Canada's 2022 uniforms have been revealed, with a focus in indigenous communities and heritage ©Getty Images

Canada's curling teams will have a nod to indigenous communities on their uniforms during international events in 2022, following the launch of the nation's latest apparel.

Created by Curling Canada and its official uniform partner and indigenous-owned company Dynasty Curling, these uniforms are to debut at the Beijing 2022 Winter Olympics and Paralympics in February and March respectively.

Uniforms will continue to be worn at the World Junior Curling Championships in Sweden as well as at the World Women's Curling Championship in Prince George in Canada and the World Men's Curling Championship in Las Vegas.

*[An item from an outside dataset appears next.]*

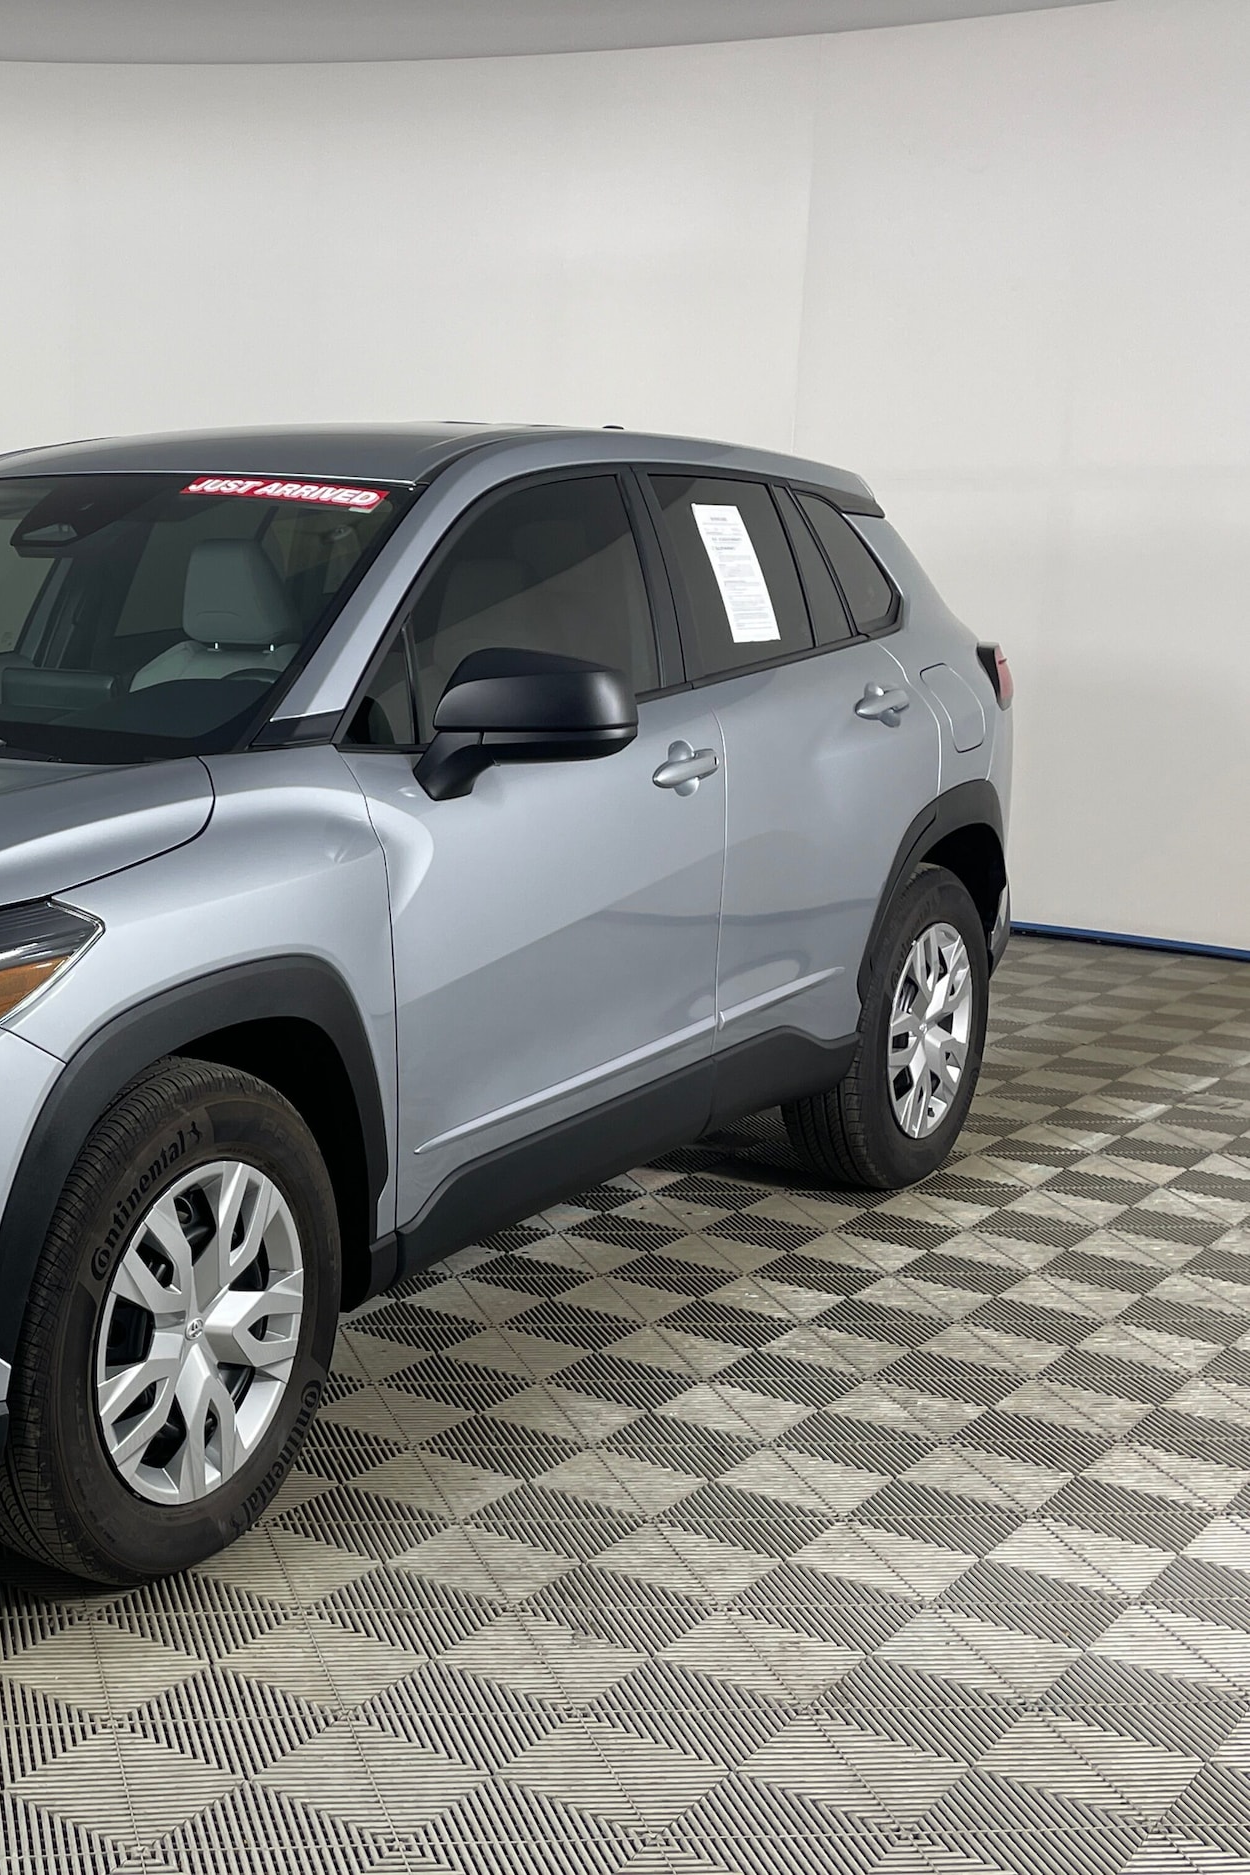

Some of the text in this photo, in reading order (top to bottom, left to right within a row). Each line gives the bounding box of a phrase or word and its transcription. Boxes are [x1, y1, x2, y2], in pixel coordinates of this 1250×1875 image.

[189, 479, 381, 505] JUST ARRIVED
[91, 1130, 186, 1281] Continental

It is in line with the Truth and Reconciliation Commission of Canada's Calls to Action, which laid out recommendations to find reconciliation between indigenous and non-indigenous people.

There were 94 calls from the Commission, which ran from 2008 until its dissolution in 2015.

Call number 83 looked to establish a strategy for indigenous and non-indigenous artists to "undertake collaborative projects and produce works that contribute to the reconciliation process".

Renowned two-spirit Anishinaabe artist Patrick Hunter, who created designs from his home territory and culture, and designer Kevin Hurrie, who found ways to implement them into the uniform, created the new apparel together.

Canada's curling uniforms for 2022 ©Curling Canada
Canada's curling uniforms for 2022 ©Curling Canada

"For indigenous artwork to make it to the world stage is such a win for my people and community," said Hunter.

"I'm beyond stoked for that indigenous artwork to be mine."

All three uniforms include the traditional white, red and black colours with four key design elements.

On the front, there are silhouettes of seven trees inspired by the forest of Hunter's Treaty Three homeland of Red Lake.

These seven trees represent the seven grandfather teachings of the Anishinaabe people: love, humility, wisdom, bravery, honesty, truth and respect.

Also featured are four unique eagle feathers, which are given as gifts in indigenous communities as a sign of honour.

The four feathers represent the four players on a traditional curling rink.

On the inside of the jacket sleeves is a depiction of braided sweetgrass, woven with cedar, tobacco and sage leaves - the four sacred medicines used to cleanse away difficult energy and encourage spiritual and personal strength.

The final element is the maple leaf, the iconic emblem of Canada.